■ ASSIGNMENT
The pictures are to be left out, and all remaining data is to be transcribed exactly as it appears.

Top of THE DATA

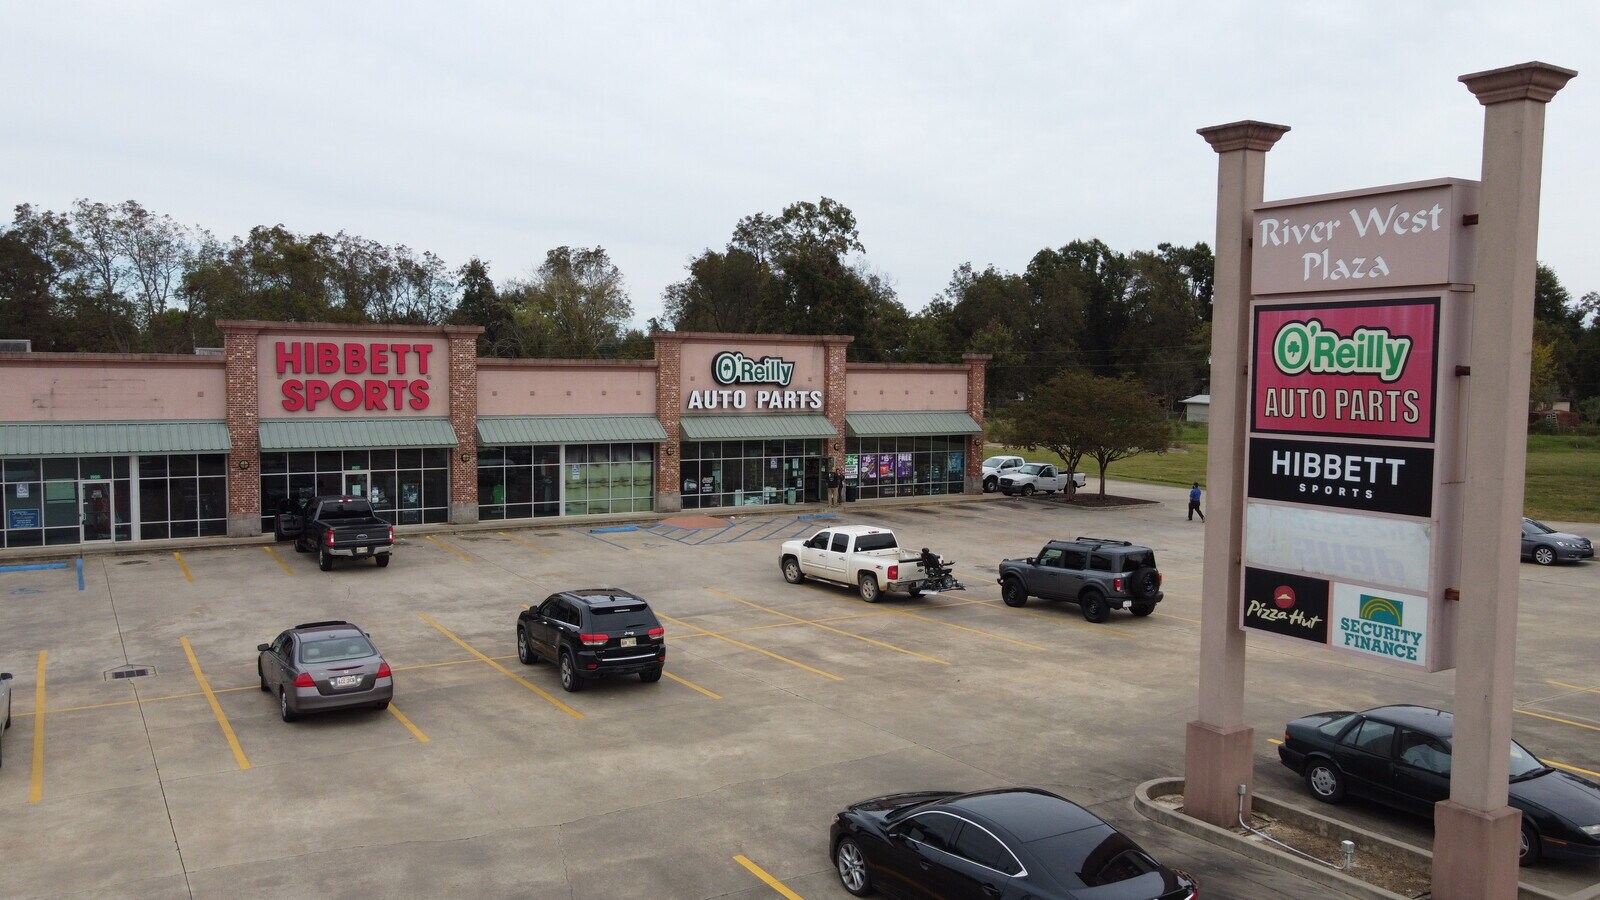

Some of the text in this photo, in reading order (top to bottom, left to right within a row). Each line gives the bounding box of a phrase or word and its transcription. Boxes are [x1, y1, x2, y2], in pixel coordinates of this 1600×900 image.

[1259, 203, 1444, 248] River West
[1302, 248, 1390, 281] Plaza
[276, 341, 433, 374] HIBBETT
[1277, 325, 1406, 376] O'Reilly
[717, 355, 792, 383] O'Reilly
[281, 379, 430, 411] SPORTS
[687, 390, 822, 409] AUTO PARTS
[1264, 388, 1420, 423] AUTO PARTS
[1271, 450, 1406, 486] HIBBETT
[1299, 483, 1374, 499] SPORTS
[1246, 599, 1323, 630] Pizza Hut
[1340, 617, 1423, 646] SECURITY
[1343, 632, 1418, 661] FINANCE

Bottom of THE DATA

■ SOLUTION TO THE EXERCISE
Some of the text in this photo, in reading order (top to bottom, left to right within a row). Each line gives the bounding box of a phrase or word and its transcription. Boxes are [x1, y1, x2, y2], in pixel coordinates of this 1600×900 image.

[1259, 203, 1444, 248] River West
[1302, 248, 1390, 281] Plaza
[276, 341, 433, 374] HIBBETT
[1277, 325, 1406, 376] O'Reilly
[717, 355, 792, 383] O'Reilly
[281, 379, 430, 411] SPORTS
[687, 390, 822, 409] AUTO PARTS
[1264, 388, 1420, 423] AUTO PARTS
[1271, 450, 1406, 486] HIBBETT
[1299, 483, 1374, 499] SPORTS
[1246, 599, 1323, 630] Pizza Hut
[1340, 617, 1423, 646] SECURITY
[1343, 632, 1418, 661] FINANCE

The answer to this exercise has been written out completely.